#### What the task asks:
Because the images are not wanted, restate every line below word for word without them.

#### Records for processing:

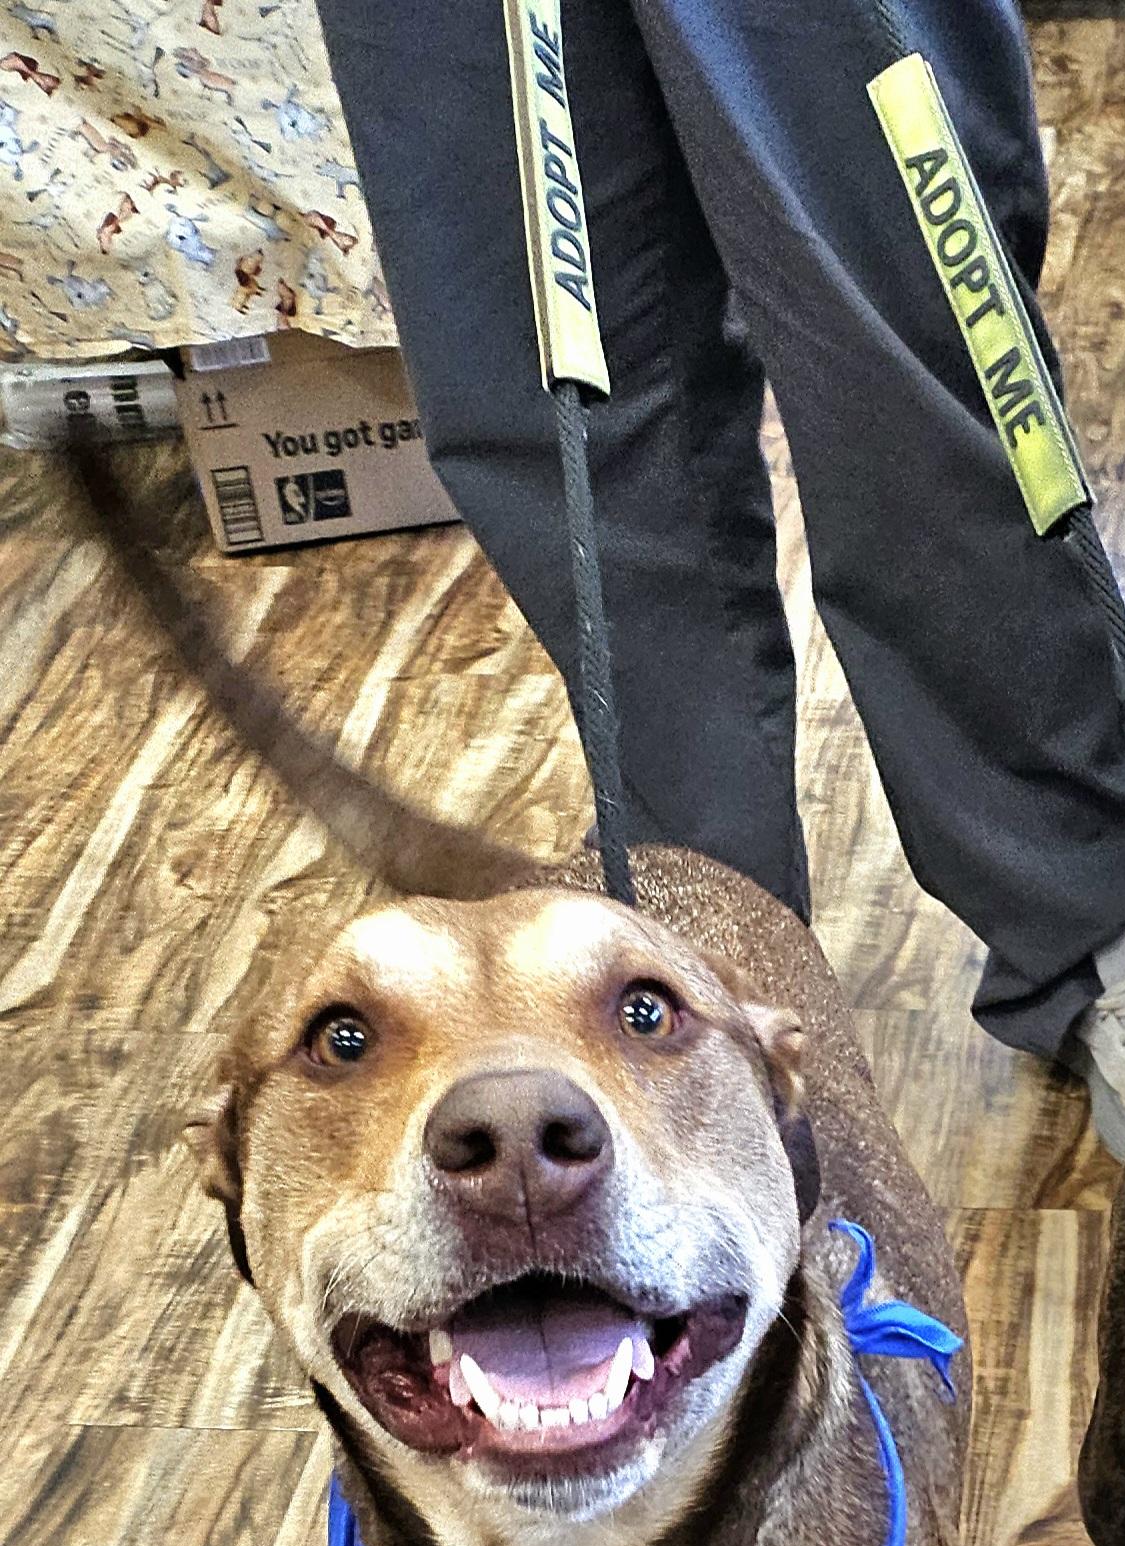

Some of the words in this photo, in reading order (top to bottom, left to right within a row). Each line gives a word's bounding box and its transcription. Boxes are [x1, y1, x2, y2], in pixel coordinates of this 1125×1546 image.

[529, 9, 566, 108] ME
[539, 118, 592, 312] ADOPT
[905, 147, 1006, 329] ADOPT
[985, 347, 1046, 449] ME
[261, 430, 319, 459] You
[323, 420, 375, 457] got

#### Reply to the exercise:
Some of the words in this photo, in reading order (top to bottom, left to right within a row). Each line gives a word's bounding box and its transcription. Boxes are [x1, y1, x2, y2], in pixel coordinates of this 1125×1546 image.

[529, 9, 566, 108] ME
[539, 118, 592, 312] ADOPT
[905, 147, 1006, 329] ADOPT
[985, 347, 1046, 449] ME
[261, 430, 319, 459] You
[323, 420, 375, 457] got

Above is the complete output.